WHAT YOU HAVE TO DO » Leaving the pictures aside, reproduce the data in full and word for word.

[Collected data]

·····

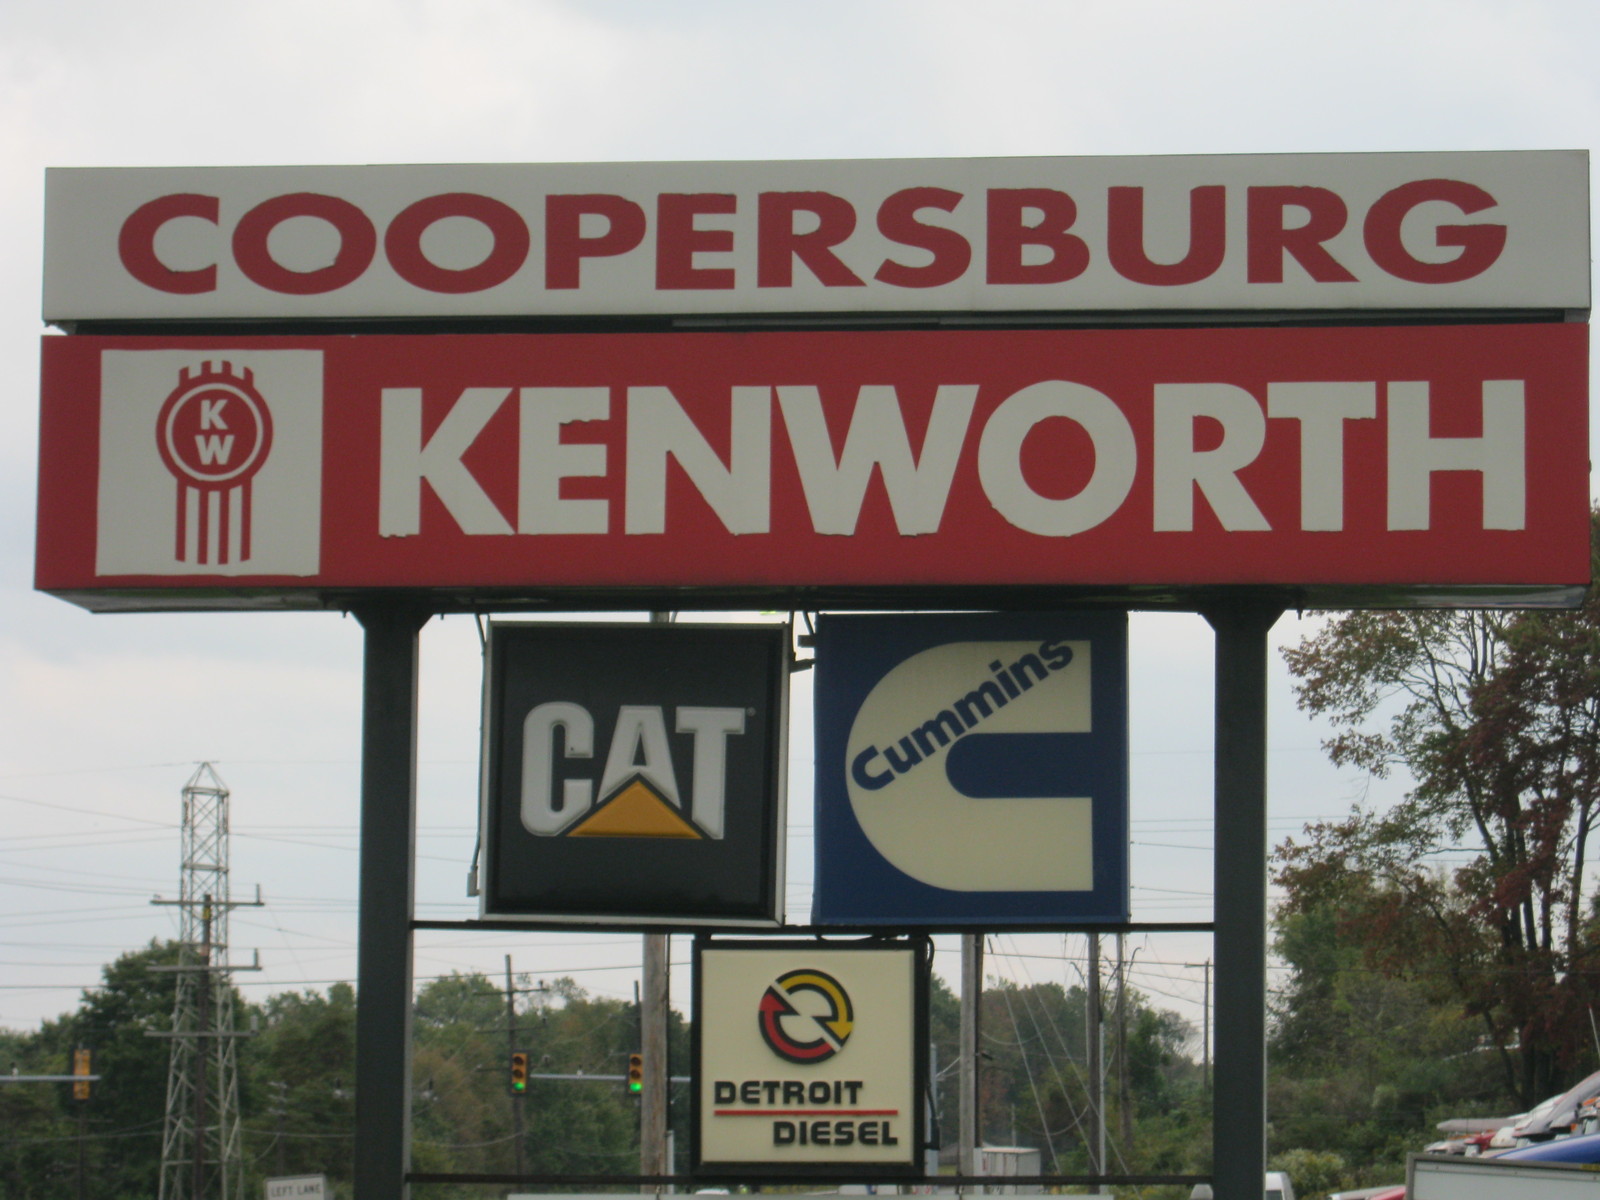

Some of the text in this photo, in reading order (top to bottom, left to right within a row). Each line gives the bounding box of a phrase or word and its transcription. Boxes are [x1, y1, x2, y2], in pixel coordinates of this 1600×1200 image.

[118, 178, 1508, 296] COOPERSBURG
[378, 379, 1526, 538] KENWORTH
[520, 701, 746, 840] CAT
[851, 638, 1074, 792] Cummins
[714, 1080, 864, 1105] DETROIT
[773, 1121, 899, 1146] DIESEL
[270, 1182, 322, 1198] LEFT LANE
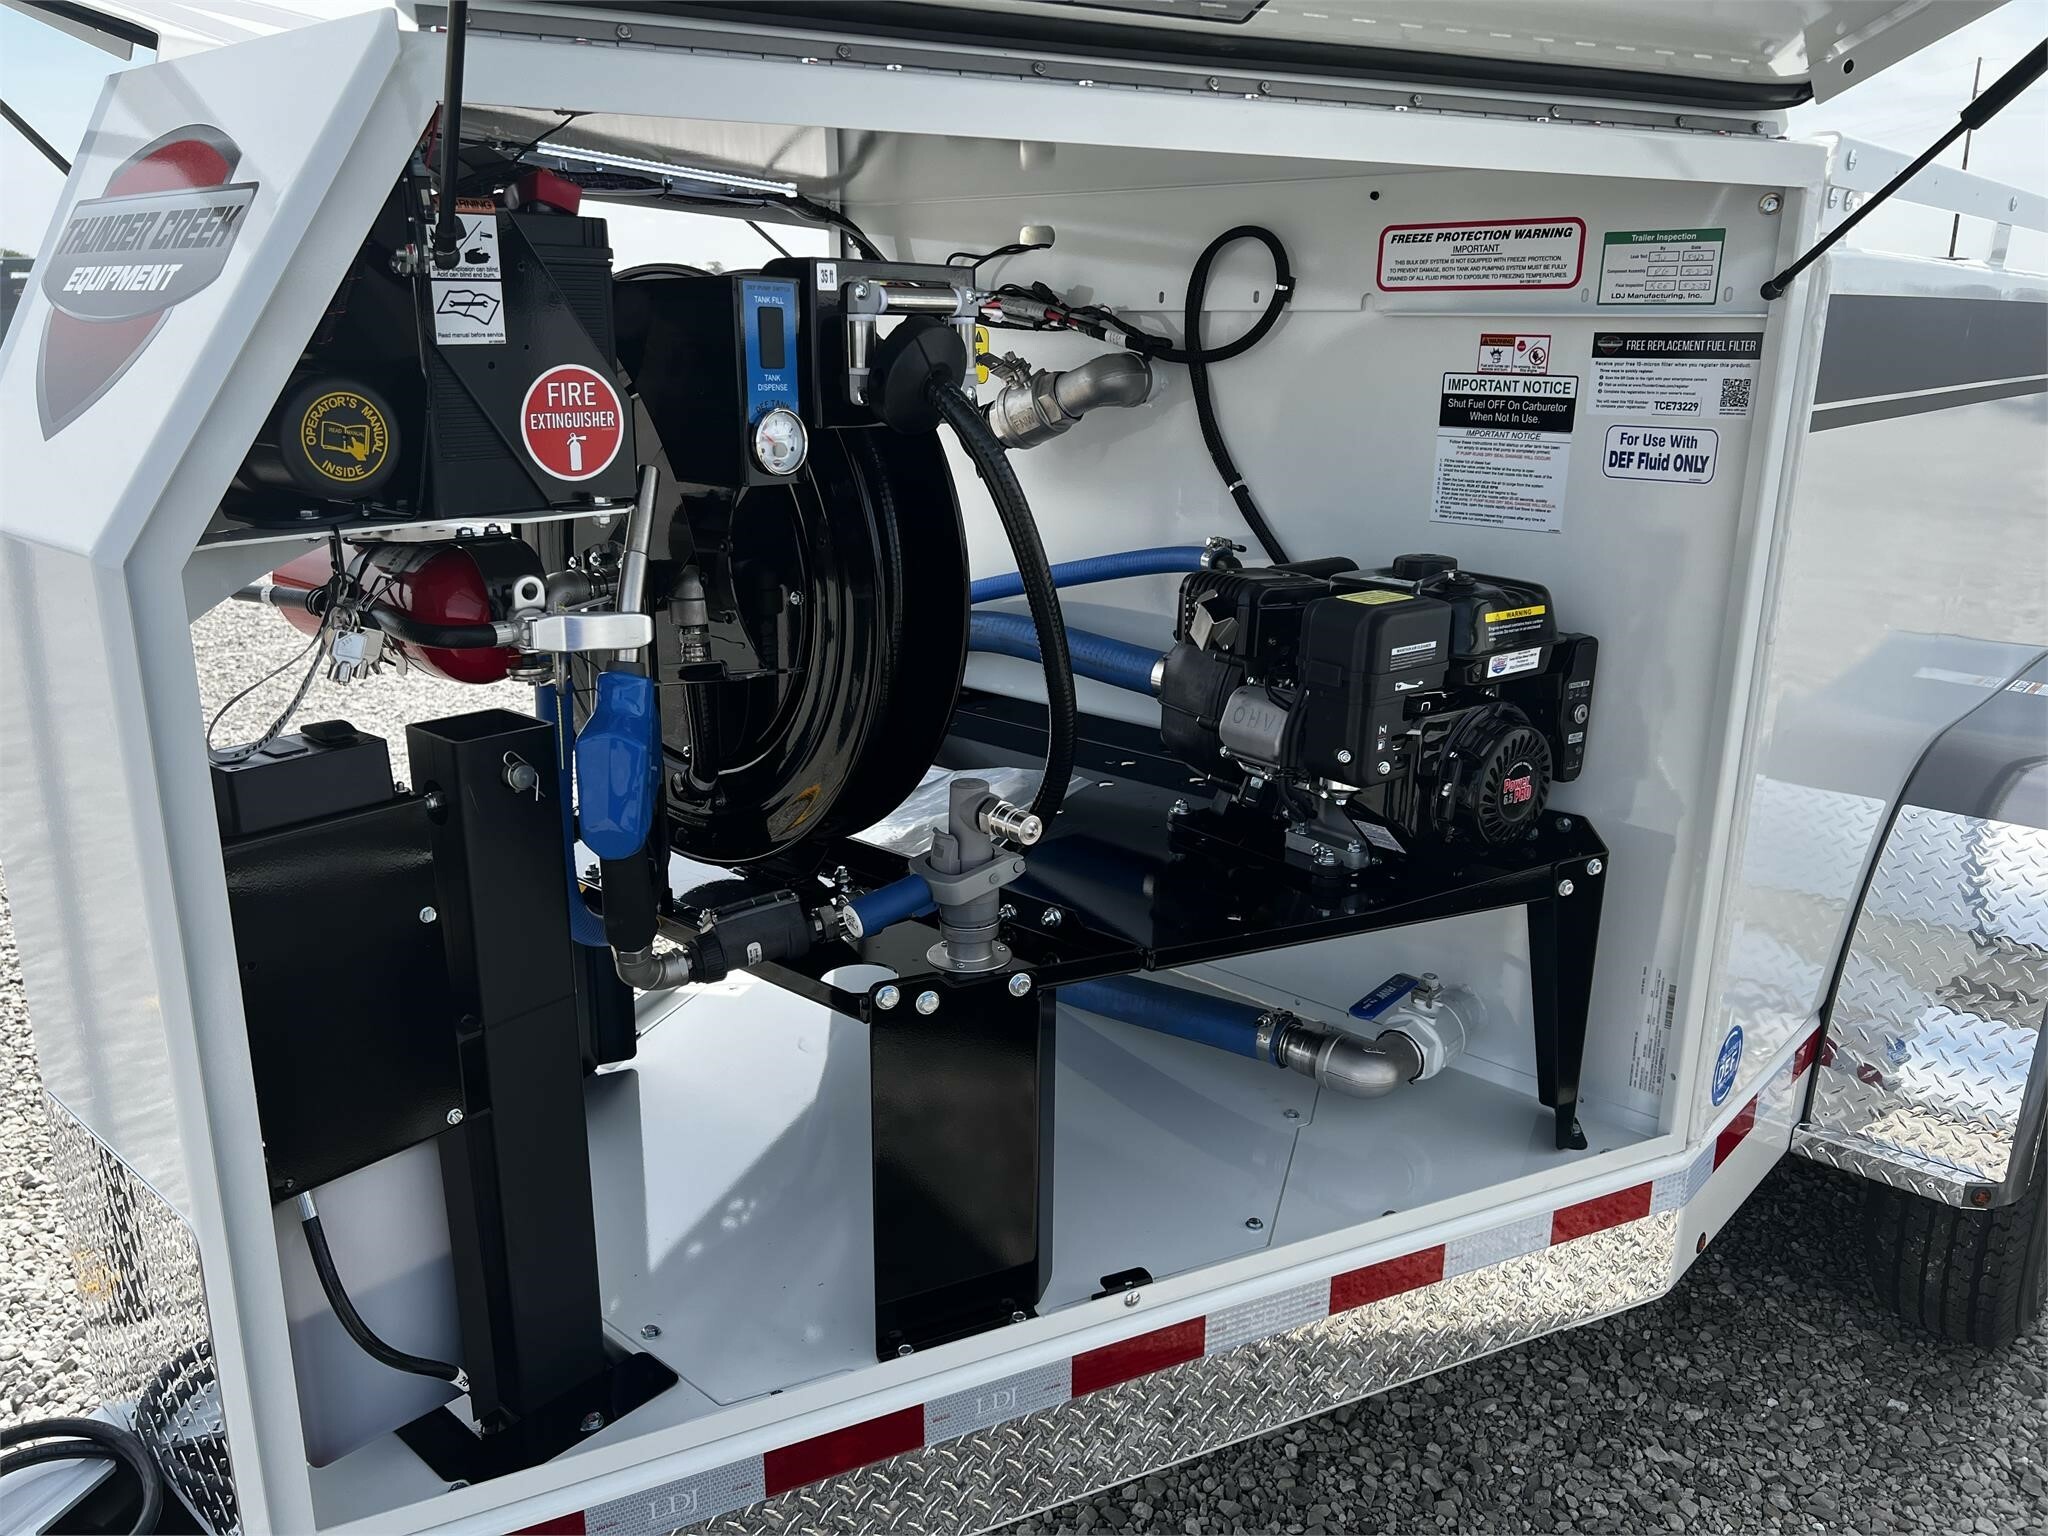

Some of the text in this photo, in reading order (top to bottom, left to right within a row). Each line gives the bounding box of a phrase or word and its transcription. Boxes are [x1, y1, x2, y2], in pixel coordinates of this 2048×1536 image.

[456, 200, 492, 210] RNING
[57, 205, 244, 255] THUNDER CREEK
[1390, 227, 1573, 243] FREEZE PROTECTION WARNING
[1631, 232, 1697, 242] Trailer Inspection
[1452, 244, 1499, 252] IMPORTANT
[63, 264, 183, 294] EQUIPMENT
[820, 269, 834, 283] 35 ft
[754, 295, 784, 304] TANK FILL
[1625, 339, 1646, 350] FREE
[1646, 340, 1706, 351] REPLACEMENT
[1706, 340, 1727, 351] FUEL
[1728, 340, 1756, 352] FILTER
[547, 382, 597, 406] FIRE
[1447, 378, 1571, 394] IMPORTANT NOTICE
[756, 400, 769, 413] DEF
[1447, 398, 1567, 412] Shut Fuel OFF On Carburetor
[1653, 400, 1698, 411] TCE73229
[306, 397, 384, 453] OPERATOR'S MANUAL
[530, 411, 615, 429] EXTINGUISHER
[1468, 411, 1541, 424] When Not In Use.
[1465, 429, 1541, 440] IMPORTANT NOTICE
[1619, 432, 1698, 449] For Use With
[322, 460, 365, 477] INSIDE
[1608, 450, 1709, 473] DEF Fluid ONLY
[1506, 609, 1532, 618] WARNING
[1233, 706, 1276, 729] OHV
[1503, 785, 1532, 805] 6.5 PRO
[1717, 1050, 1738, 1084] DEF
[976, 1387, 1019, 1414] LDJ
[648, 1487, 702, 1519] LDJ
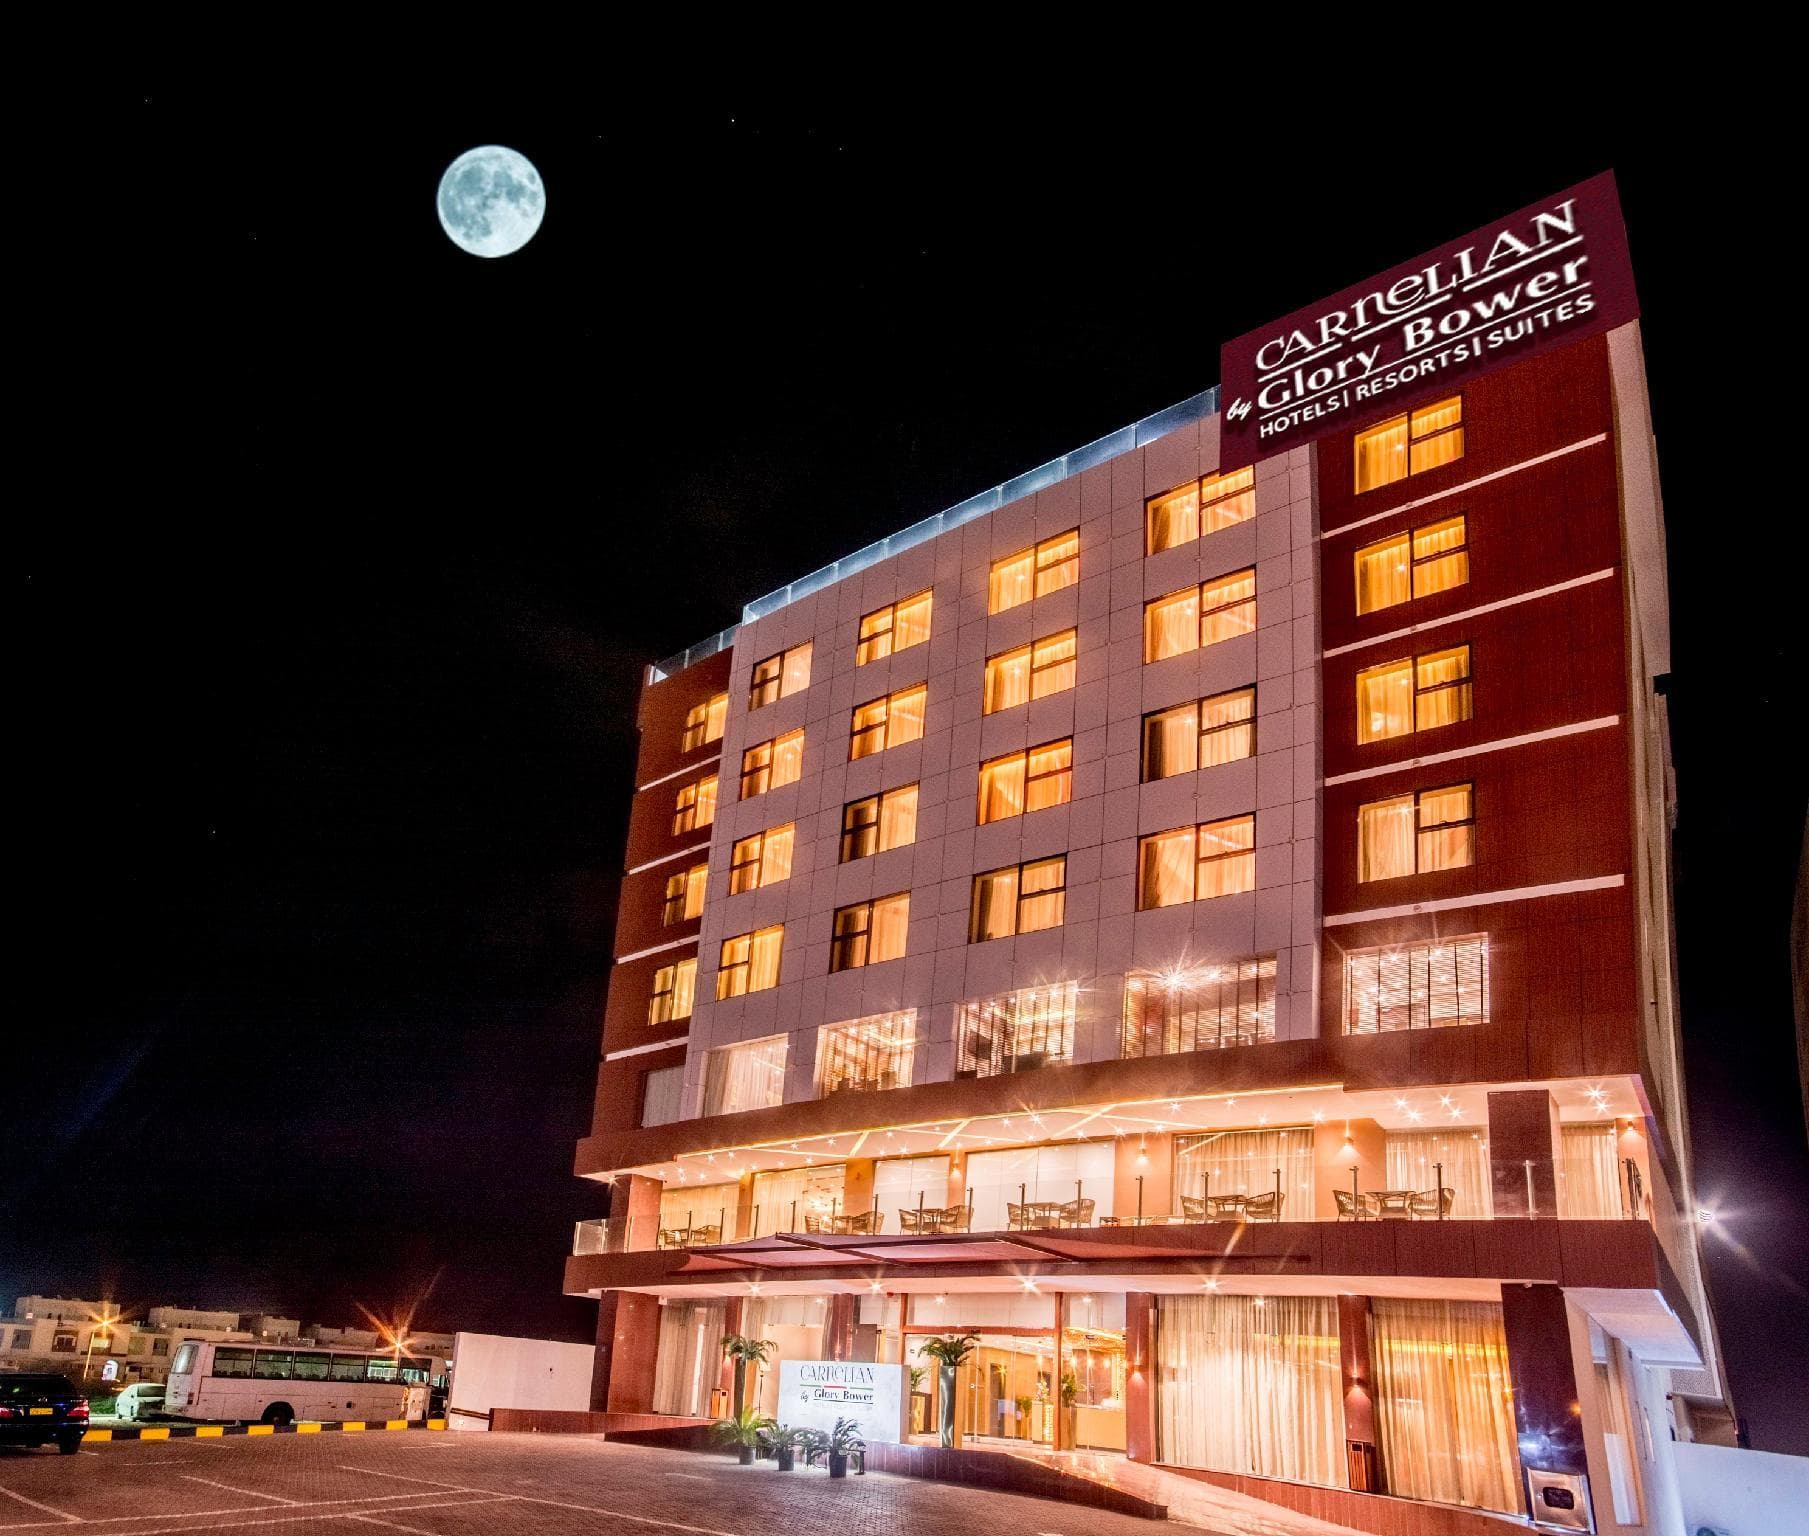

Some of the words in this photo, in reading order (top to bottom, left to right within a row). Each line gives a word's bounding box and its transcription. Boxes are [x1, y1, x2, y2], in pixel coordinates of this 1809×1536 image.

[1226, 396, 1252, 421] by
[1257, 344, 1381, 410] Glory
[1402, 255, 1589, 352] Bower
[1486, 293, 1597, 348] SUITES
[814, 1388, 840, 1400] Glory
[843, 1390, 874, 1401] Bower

·····

WRITTEN ANSWER »
Some of the text in this photo, in reading order (top to bottom, left to right within a row). Each line gives the bounding box of a phrase or word and its transcription. Boxes are [x1, y1, x2, y2], in pixel coordinates of this 1600×1200 image.

[118, 178, 1508, 296] COOPERSBURG
[378, 379, 1526, 538] KENWORTH
[520, 701, 746, 840] CAT
[851, 638, 1074, 792] Cummins
[714, 1080, 864, 1105] DETROIT
[773, 1121, 899, 1146] DIESEL
[270, 1182, 322, 1198] LEFT LANE

Some of the text in this photo, in reading order (top to bottom, left to right within a row). Each line gives the bounding box of a phrase or word and its transcription. Boxes are [x1, y1, x2, y2], in pixel coordinates of this 2048×1536 image.

[456, 200, 492, 210] RNING
[57, 205, 244, 255] THUNDER CREEK
[1390, 227, 1573, 243] FREEZE PROTECTION WARNING
[1631, 232, 1697, 242] Trailer Inspection
[1452, 244, 1499, 252] IMPORTANT
[63, 264, 183, 294] EQUIPMENT
[820, 269, 834, 283] 35 ft
[754, 295, 784, 304] TANK FILL
[1625, 339, 1646, 350] FREE
[1646, 340, 1706, 351] REPLACEMENT
[1706, 340, 1727, 351] FUEL
[1728, 340, 1756, 352] FILTER
[547, 382, 597, 406] FIRE
[1447, 378, 1571, 394] IMPORTANT NOTICE
[756, 400, 769, 413] DEF
[1447, 398, 1567, 412] Shut Fuel OFF On Carburetor
[1653, 400, 1698, 411] TCE73229
[306, 397, 384, 453] OPERATOR'S MANUAL
[530, 411, 615, 429] EXTINGUISHER
[1468, 411, 1541, 424] When Not In Use.
[1465, 429, 1541, 440] IMPORTANT NOTICE
[1619, 432, 1698, 449] For Use With
[322, 460, 365, 477] INSIDE
[1608, 450, 1709, 473] DEF Fluid ONLY
[1506, 609, 1532, 618] WARNING
[1233, 706, 1276, 729] OHV
[1503, 785, 1532, 805] 6.5 PRO
[1717, 1050, 1738, 1084] DEF
[976, 1387, 1019, 1414] LDJ
[648, 1487, 702, 1519] LDJ

Some of the words in this photo, in reading order (top to bottom, left to right within a row). Each line gives a word's bounding box and its transcription. Boxes are [x1, y1, x2, y2], in pixel coordinates of this 1809×1536 image.

[1226, 396, 1252, 421] by
[1257, 344, 1381, 410] Glory
[1402, 255, 1589, 352] Bower
[1486, 293, 1597, 348] SUITES
[814, 1388, 840, 1400] Glory
[843, 1390, 874, 1401] Bower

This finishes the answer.